Ahora, los que me conocen saben que cuando no sé, busco. Nunca he sido de quedarme con la duda. Así que tuve que buscar (y sigo buscando) cómo carajos es que uno lleva un duelo… O cuatro, porque se fueron el tío, la tía, la amiga y la abuela. Víctor, Sildana, Dianka y Victoria: dejo sus nombres acá para que sepan que los pienso.
Victoria. Mi abuela. Durante su funeral mi hermano dijo unas palabras hermosas sobre su nombre. Fueron palabras que no pude escuchar porque la transmisión de la funeraria por Facebook se cortó justo un minuto antes. Por supuesto. Pero no necesité hacerlo para estar segura de que nadie habría podido hablar sobre mi abuela mejor que él. Claro que eso no alivió el peso de la distancia. No sé cuánto sentido tiene un funeral desde la lejanía.
Llevo casi tres años viviendo en el sur de Estados Unidos — la hebilla del cinturón bíblico — y mi abuela enfermó cuatro meses después de que yo me fuera. En ese entonces, todos creímos que era hora. Lloré mis ojos desde la distancia, me despedí a lo lejos. No obstante, vivió dos años más, con algunos momentos de mejoría. Pude verla hace año y medio nuevamente. Nos reímos y bailamos “Cariñito”, como tanto le gustaba, pero luego de que regresé a mi actual lugar, su salud empezó a deteriorarse. Creí que ese duelo inicial me habría preparado para el momento de su muerte, pero no fue así.

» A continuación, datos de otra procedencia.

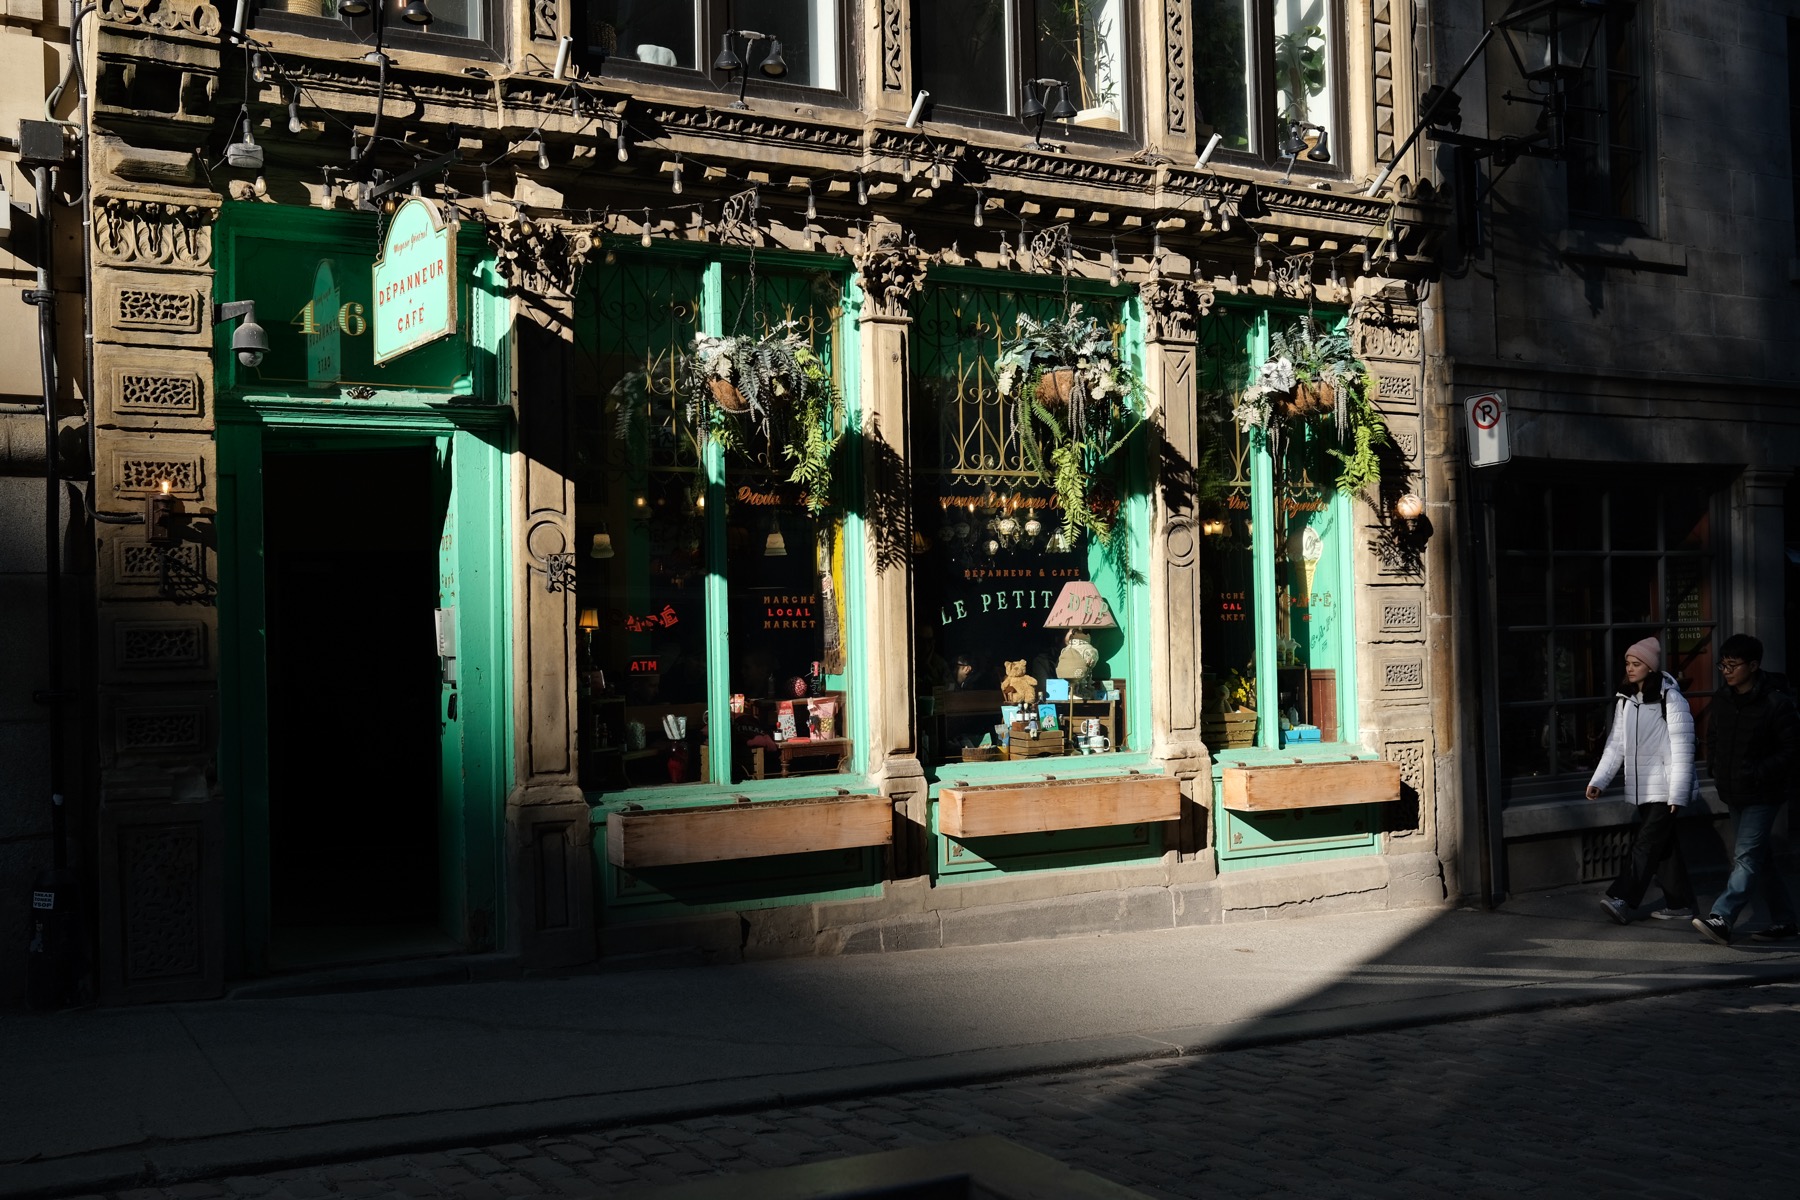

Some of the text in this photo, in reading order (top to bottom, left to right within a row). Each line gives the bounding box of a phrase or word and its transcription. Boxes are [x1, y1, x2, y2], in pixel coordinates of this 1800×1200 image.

Voy en este avión, feliz de ver a mi familia, con la que en verdad soy muy cercana. De hecho, la gente cree que no tengo tiempo de extrañarla porque estamos en contacto todo el tiempo. La gente puede creer lo que sea, yo igual los extraño. Voy feliz porque voy a verlos, pero voy aterrada ante la idea de que llego a un lugar en el que mi abuela ya no está. Sí, yo sé que siempre está conmigo, cuidándome, en mi corazón, pero el hecho de pensar que ir a visitar a mi abuela no está dentro de lo que voy a hacer en Colombia… es de las cosas más asustadoras que me han pasado.
Voy a extrañarte, Victoria.
Hace casi un año empecé a trabajar en un proyecto con una colega en Colombia. Sabíamos quiénes éramos la una y la otra, nos habíamos leído, nos seguíamos la pista. Teníamos montones de amigos en común. Nunca nos vimos. La vida, sin embargo, nos juntó para trabajar a distancia. Nuestra conexión fue automática y mi admiración y cariño por ella crecieron infinitamente. Sabía que Dianka era una mujer brillante, pero su generosidad y humanidad me hicieron quererla profundamente y de manera muy rápida.

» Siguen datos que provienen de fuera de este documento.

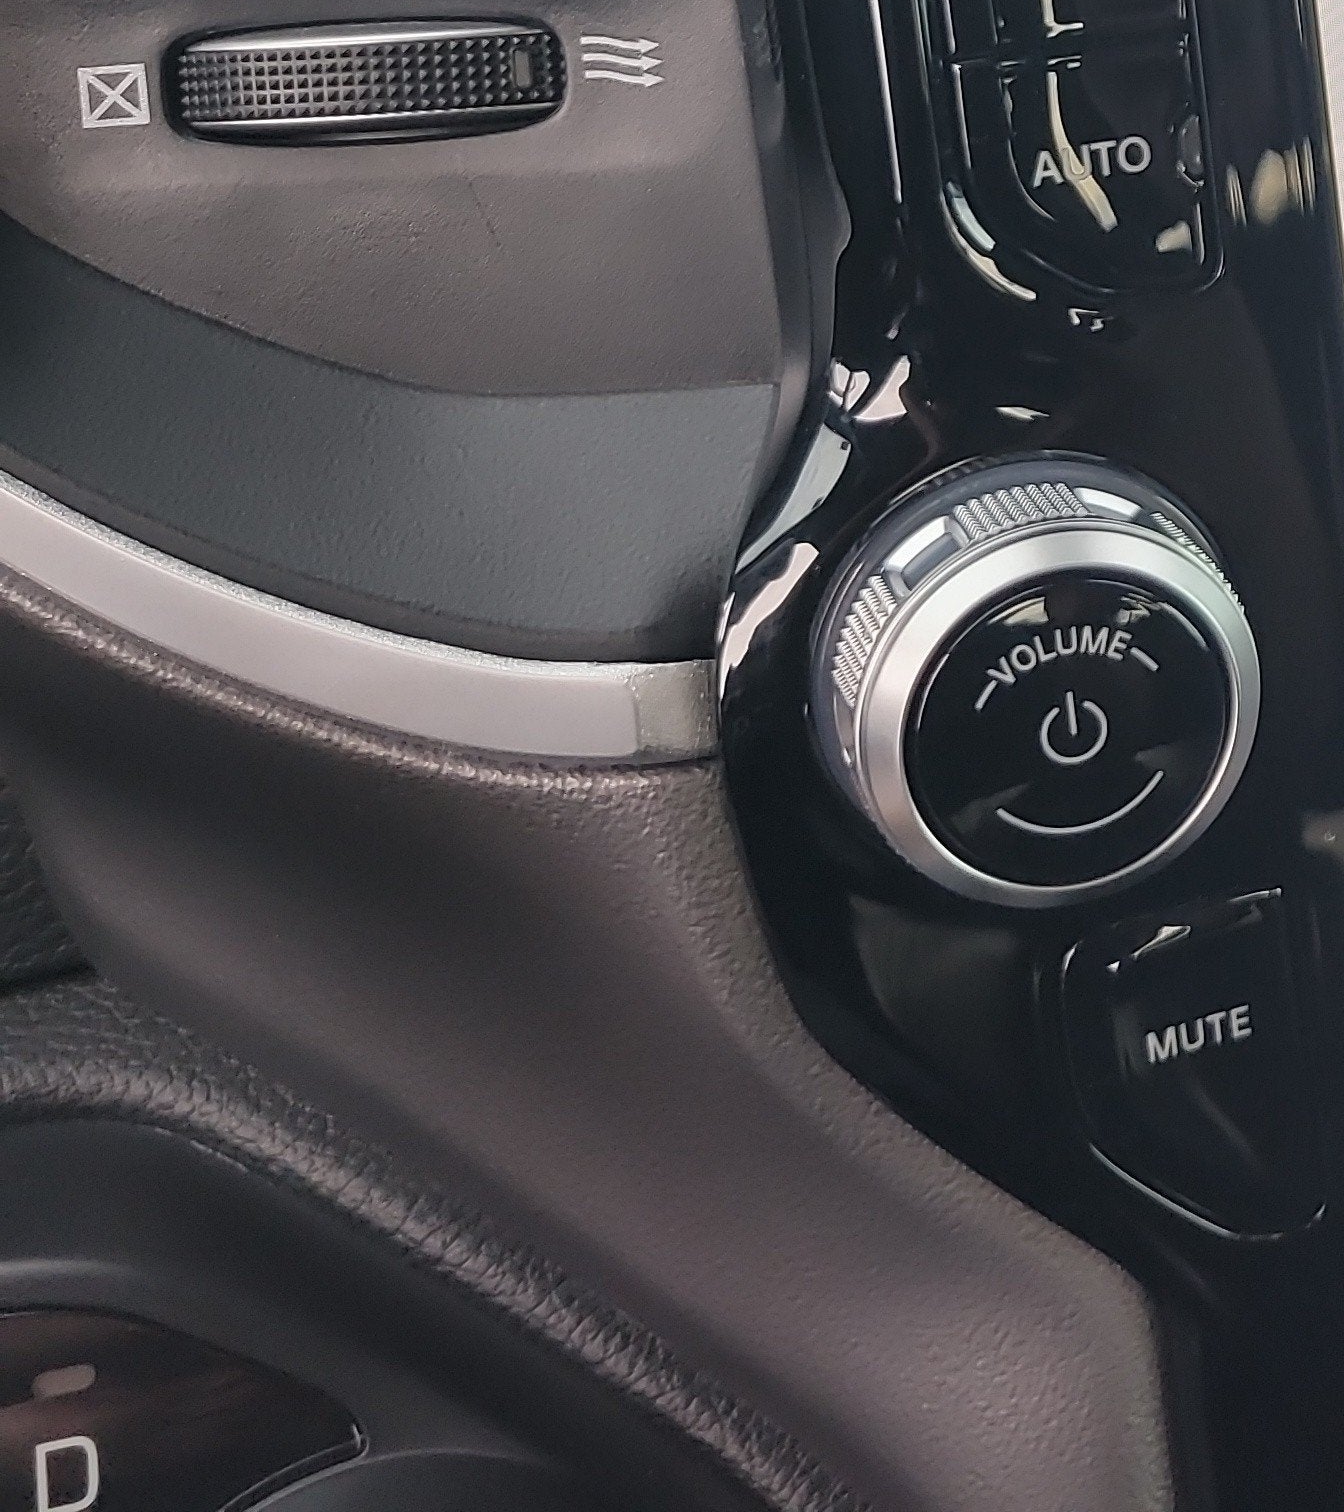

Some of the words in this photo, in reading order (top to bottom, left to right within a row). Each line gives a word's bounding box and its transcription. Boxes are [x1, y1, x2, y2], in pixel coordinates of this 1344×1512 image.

Desde hace nueve meses ya no está y su muerte me dejó un dolor con el que no sabía qué hacer; un dolor al que no sabía si tenía derecho, un dolor que era también la promesa de una amistad naciente que ahora tendrá que concretarse en otra parte. Tal vez ayude creer que en esa otra parte van a estar todos mi muertos, los que se fueron en los últimos meses, los que se van volviendo borrosos, como todas mis memorias de niña.
Estar en otra parte es, a veces, no estar del todo en ningún lugar.
Dos semanas después de que mi avión aterrizara en Bogotá fuimos al páramo a sembrar un par de árboles en honor a mi abuela Victoria y de paso, dejarla a ella allí, hecha cenizas que fecundan la tierra. Mi familia me esperó durante cuatro meses y yo tuve que elegir la siembra. Un laurel, casi que obviamente. Luego vinieron las palabras y esta vez tuve a mi hermano al frente. Sólo cuando me pidieron que yo también hablara me di cuenta de que estaba llorando, y lo único que atiné a decir fue “gracias por esperarme, perdón por estar lejos”.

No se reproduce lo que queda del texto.